Les premières phrases : Je vais conter l'histoire d'un duel. C'est un duel entre deux adversaires très inégaux : un État extrêmement puissant, fort, impitoyable - et un petit individu anonyme et inconnu. Ils ne s'affrontent pas sur ce terrain qu'on considère communément comme le terrain politique ; l'individu n'est en aucune façon un politicien, encore bien moins un conjuré, un "ennemi de l’État". Il reste tout le temps sur la défensive. Il ne veut qu'une chose : préserver ce qu'il considère, à tort ou à raison, comme sa propre personnalité, sa vie privée, son honneur.

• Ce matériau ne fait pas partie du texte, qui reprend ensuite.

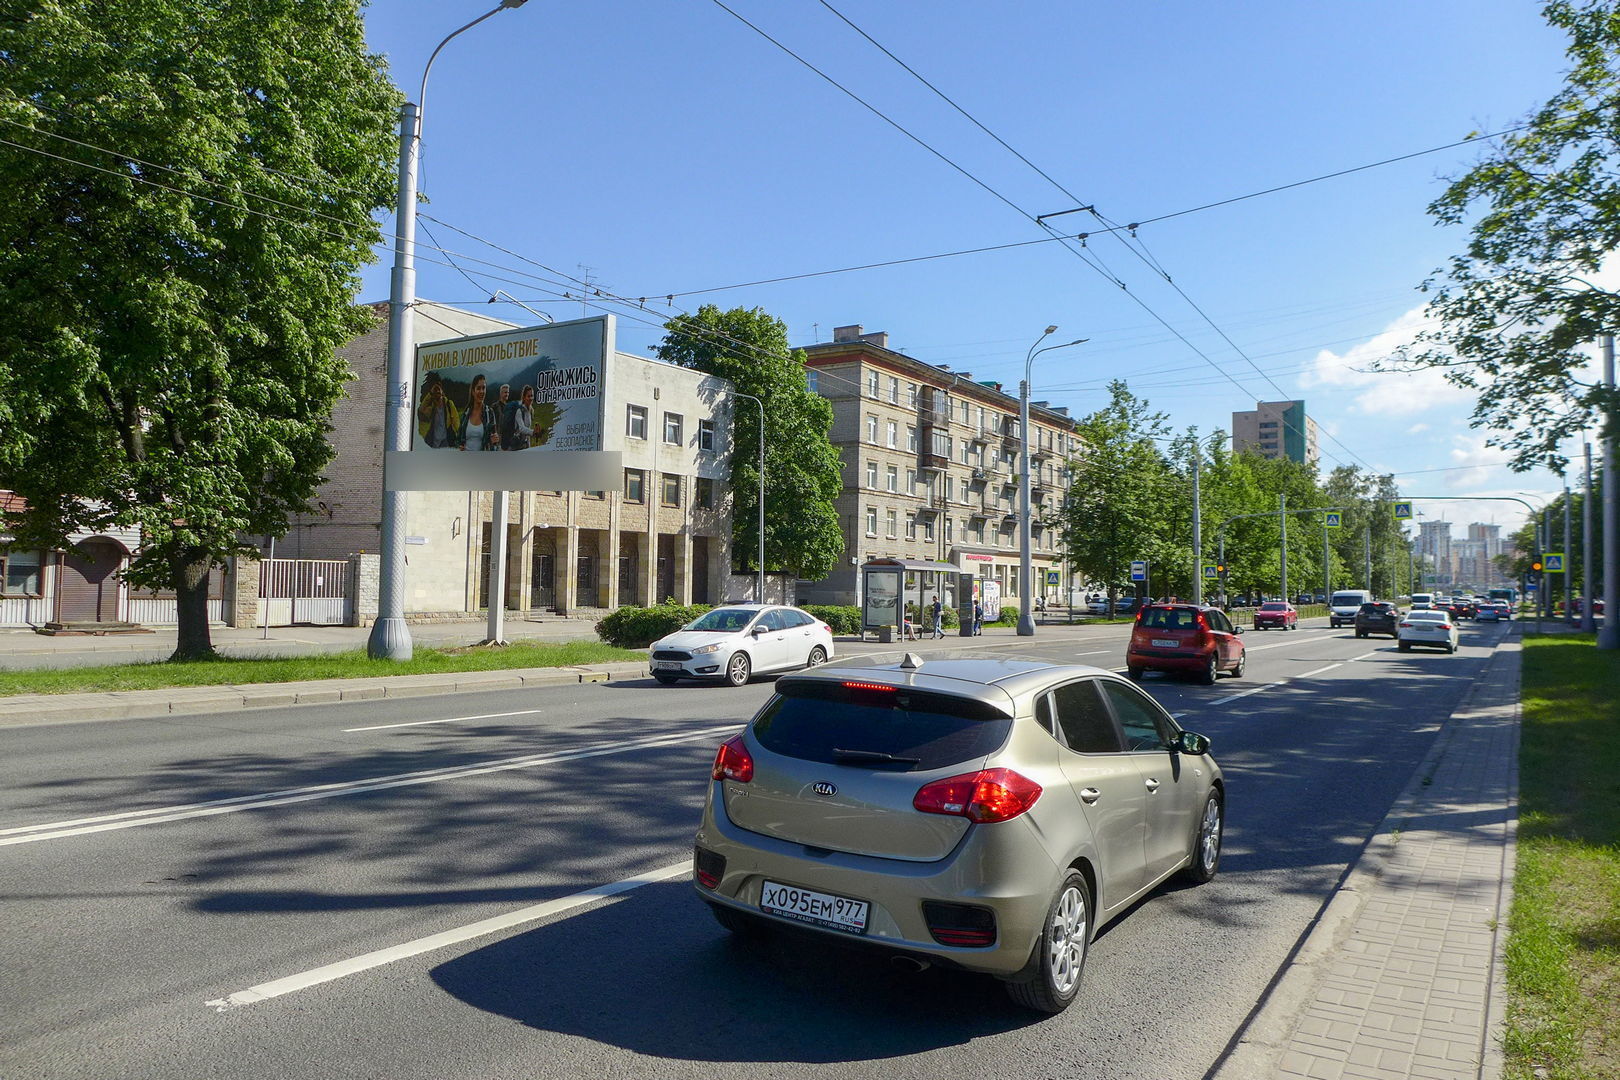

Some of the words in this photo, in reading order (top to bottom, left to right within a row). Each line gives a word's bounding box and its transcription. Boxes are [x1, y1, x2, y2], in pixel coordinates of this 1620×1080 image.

C’était étrange d’observer cette surenchère réciproque. L’impudence déchaînée qui transformait progressivement en démon un petit harceleur déplaisant, la lenteur d’esprit de ses dompteurs, qui comprenaient toujours un instant ce qu’il venait de dire ou faire- c’est-à-dire quand il l’avait fait oublier par des paroles encore plus insensées ou par un acte encore plus monstrueux-, et l’état d’hypnose où il plongeait son public qui succombait de plus en plus passivement à la magie de l’abjection et à l’ivresse du mal
Il me fallut un instant pour éprouver les goûts nouveaux qui naissaient tous ensemble sur ma langue. Un soupçon de surprise effrayée, une pointe d'admiration pour son audace, un arrière-goût déplaisant laissé par le "devoir", un zeste de satisfaction de l'avoir poussé aussi loin, et un toute nouvelle lucidité froide : voilà ce que la vie est devenue [...].
On se mit à participer - d'abord par crainte. Puis, s'étant mis à participer, on ne voulut plus que cela fût par crainte, motivation vile et méprisable. Si bien qu'on adopta après coup l'état d'esprit convenable. C'est là, le schéma mental de la victoire de la révolution national-socialiste.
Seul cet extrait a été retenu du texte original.